When speaking to my eldest about how I used AI to save myself a couple of days reading up on and experimenting with how to create something simple on one of my websites, my brilliant progeny still sassed me with, "But Dad, you didn't learn anything?"
They're right. Every time we choose to use AI, we sacrifice something of our humanity. Not only do I lose out on exerting my brain and pushing myself to achieve something in a field that is quite contrary to my skillset – I also miss out on the little sense of triumph that erupts when the thing that has been failing all week suddenly works.
Even then, the LLM is always making little suggestions and offering to help out with other stuff, like a blurb for an intro page for the site I'm building. I repeatedly tell it that I never want it to write anything for me. It complements me on my integrity before making another suggestion a few posts later.
A lot is made of the more distinctive perils of AI, from the environmental carnage, the rocketing prices of consumer electronics due to the current RAM shortage to the current car-crash journalism on AI psychosis. But not as much is made of the quiet dilution of our own humanity when we come to overrely on this technology.
It could be that we have already been diminished by other digital forms, such as the flattening effect of algorithmic social media, how the vast array of our reactions have been whittled down to likes and dislikes. In this sense, it’s interesting to see that same governments and educators that have decried the effect of social media on our young are also gung ho about advocating for AI in education. With AI writing our emails, being our counsellor and companion, and offering to take the wheel at every stage of a creative project, I see a further flattening, a dilution of our humanity, but applied at barely noticeable degrees at every available element of human consciousness, expression and experience.
Wallace Stevens once spoke about poetry (and by extension, the imagination) as being, “a violence from within that protects us from a violence without.” I’ve always found this particular soundbite to be overly dramatic.

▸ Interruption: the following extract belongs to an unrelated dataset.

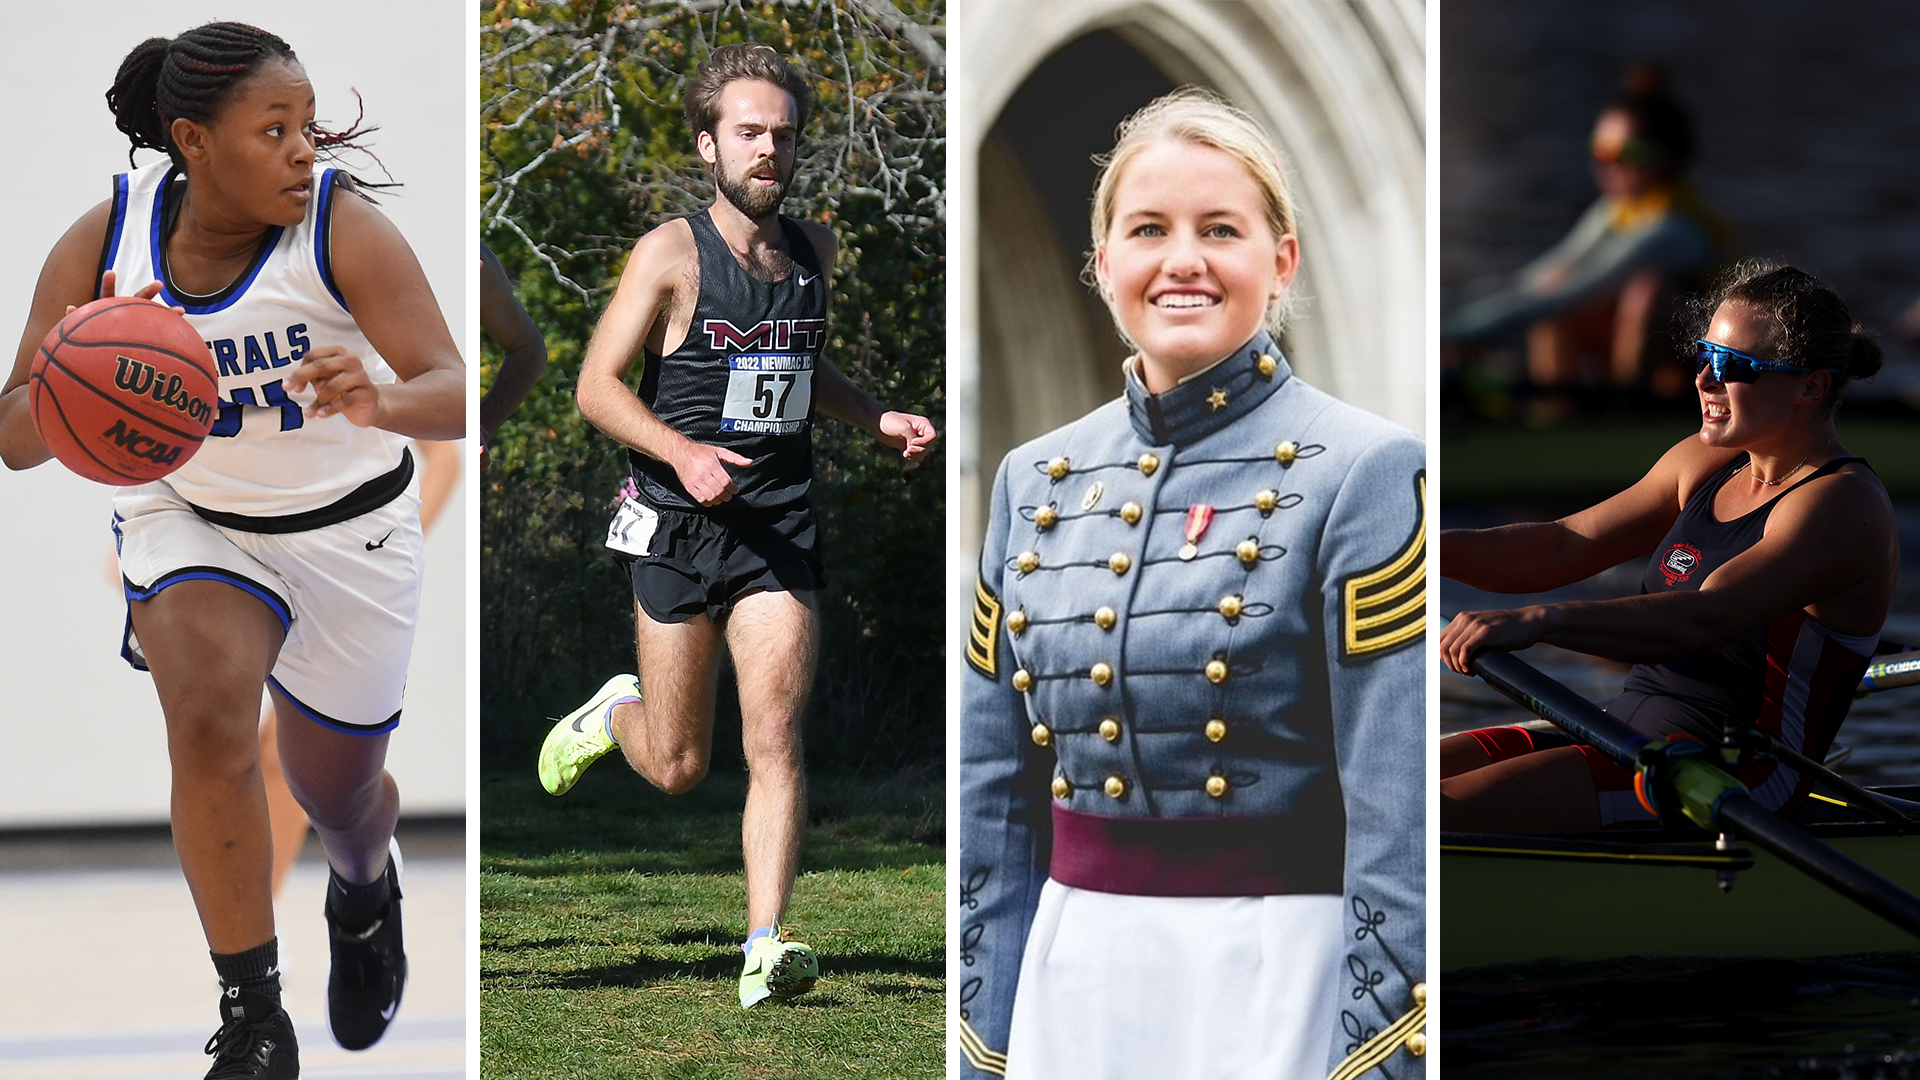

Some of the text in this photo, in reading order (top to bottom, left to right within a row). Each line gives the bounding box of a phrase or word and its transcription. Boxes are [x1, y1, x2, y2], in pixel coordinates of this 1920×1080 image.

But I do believe that the imagination is a necessary faculty when ideas – such as AI’s dominance being inevitable and that if we don’t get on the train then our competitors will get on it and leave us in the dust – are so readily accepted and parroted by our own governments. I trust my imagination much more that I trust the visions and epiphanies of the creatively and spiritually bankrupt. And I tend not to get onto trains if I haven’t been informed about their destination.